One flu shot can’t cover every flu virus. Experts predict what strains of the flu virus we’ll need the most protection from. They do this every year by analyzing what type of flu virus afflicts common animal carriers, like migratory birds and pigs.

Just because you won’t get 100% coverage, don’t let that deter you from getting a flu shot if you haven’t gotten one already. Imperfect protection is better than no protection at all.

Remember: After getting a flu shot, it will take your body at least two weeks to make enough antibodies to protect itself from the flu -- you won’t receive instant protection.
This content originally appeared on doctoroz.com
Dr. David L. Katz, MD, MPH
Preventive Medicine
There is some legitimate doubt about the effectiveness of the flu vaccine. It is certainly far from perfect, and the elderly, who most need protection, may need two inoculations to get it.
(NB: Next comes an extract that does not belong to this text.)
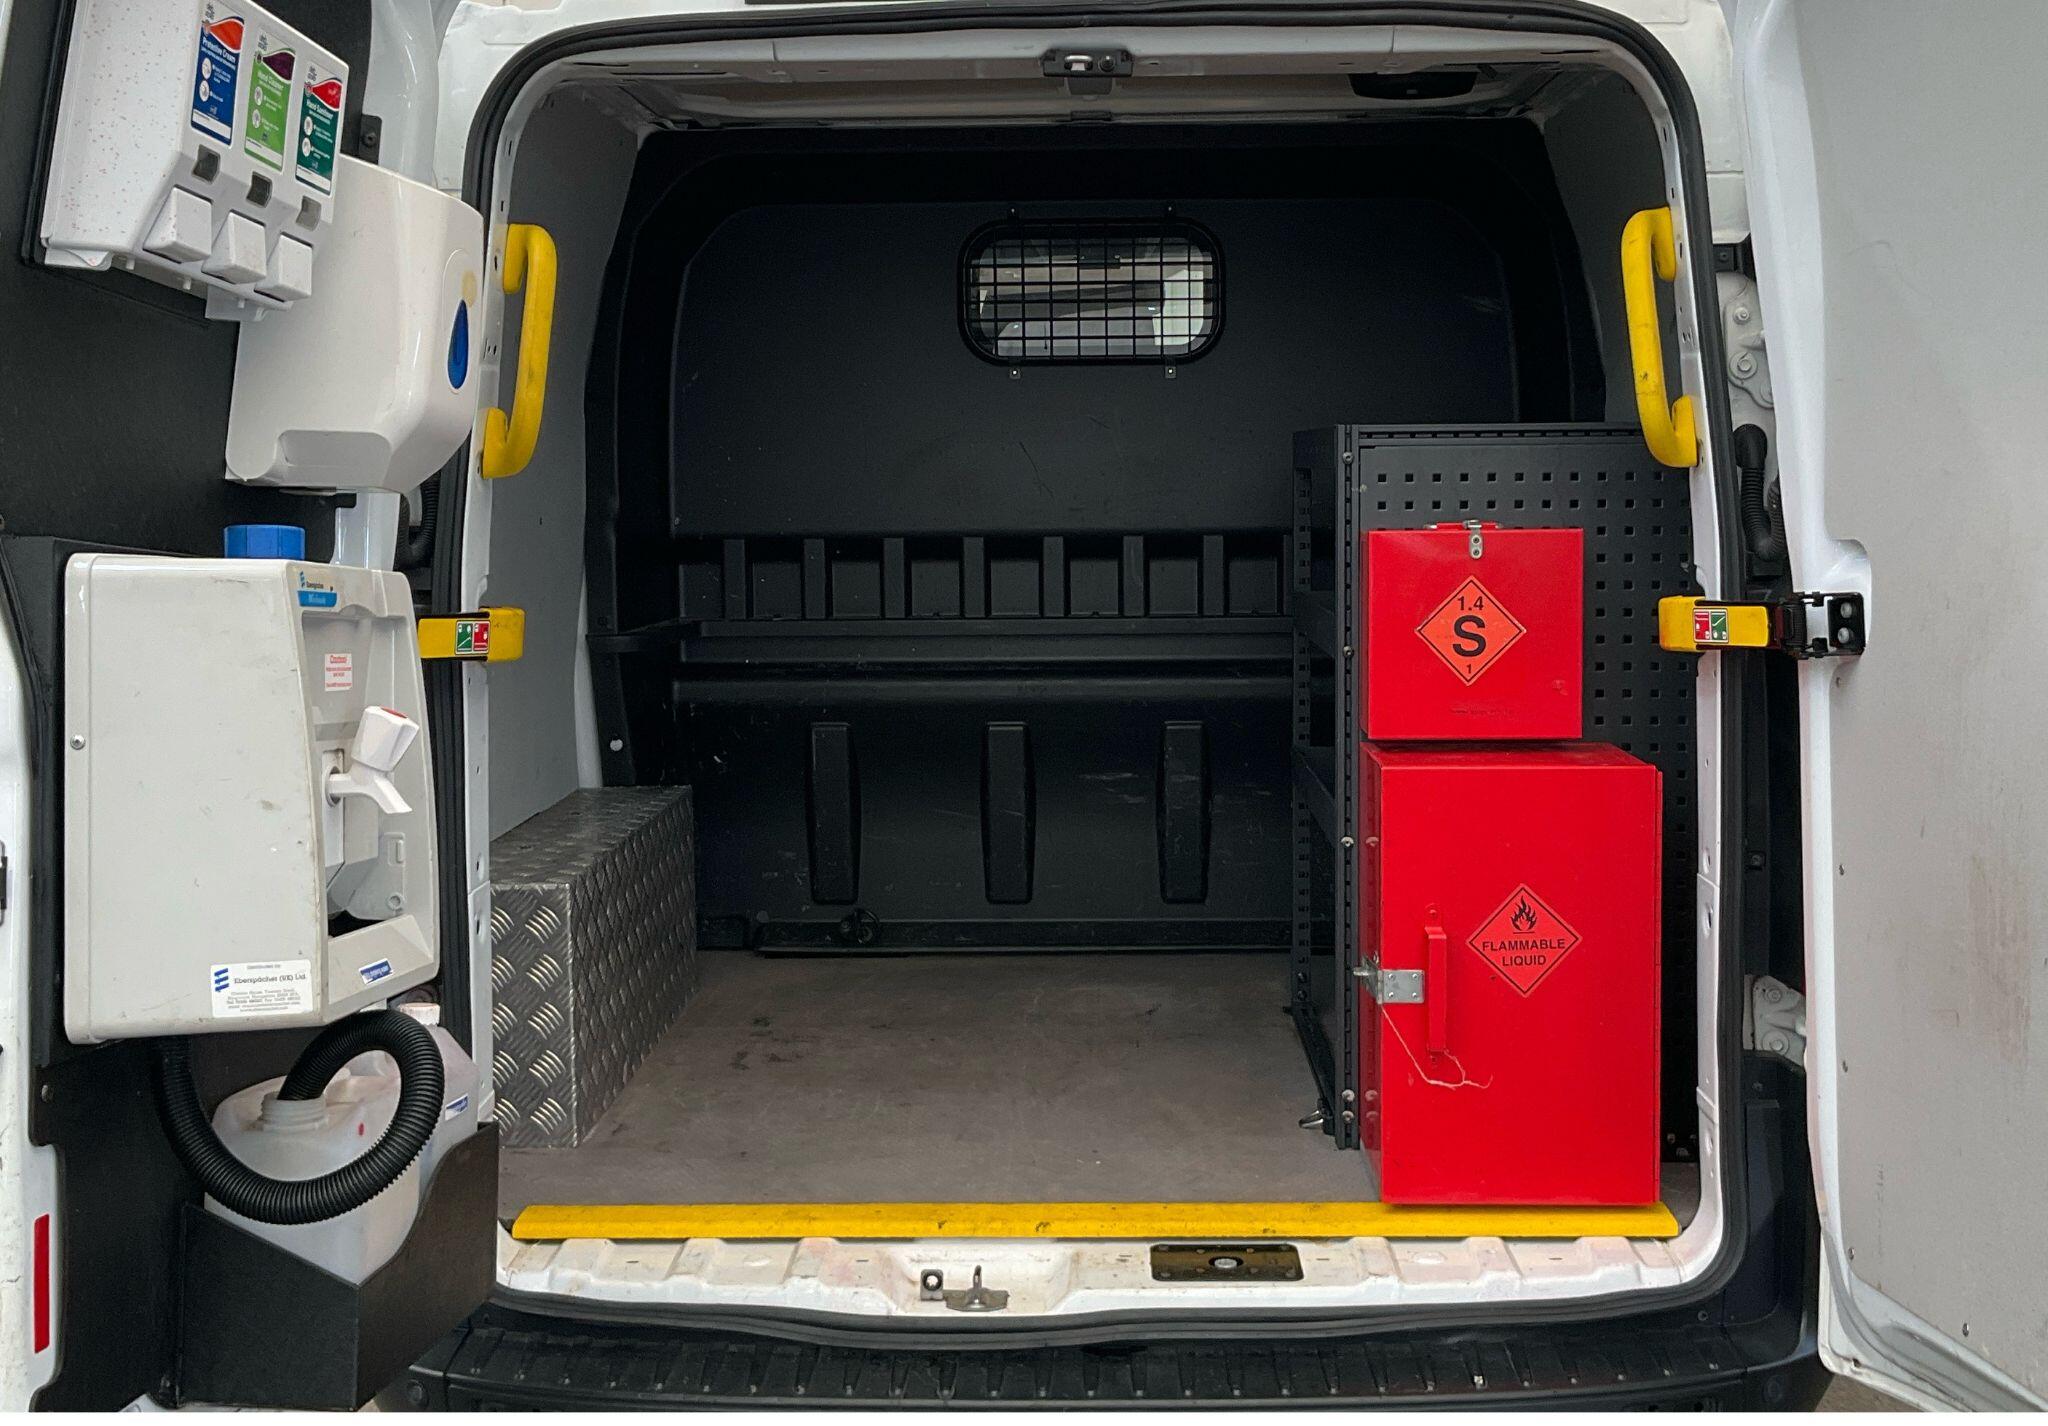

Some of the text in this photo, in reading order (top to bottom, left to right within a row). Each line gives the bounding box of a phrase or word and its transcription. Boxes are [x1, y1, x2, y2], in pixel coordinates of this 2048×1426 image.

Leaving aside some of the subtleties that complicate measuring vaccine effectiveness in real-world settings, and applying even a low-level estimate of overall vaccine effectiveness, routine flu vaccination produces a decisive overall benefit compared to just taking our chances with the flu.
Flu vaccines are the best way modern medicine currently has to protect against influenza. The ability of a flu vaccine to protect a person depends on the age and health status of the person getting the vaccine, and the similarity or match between the viruses or virus in the vaccine and those in circulation.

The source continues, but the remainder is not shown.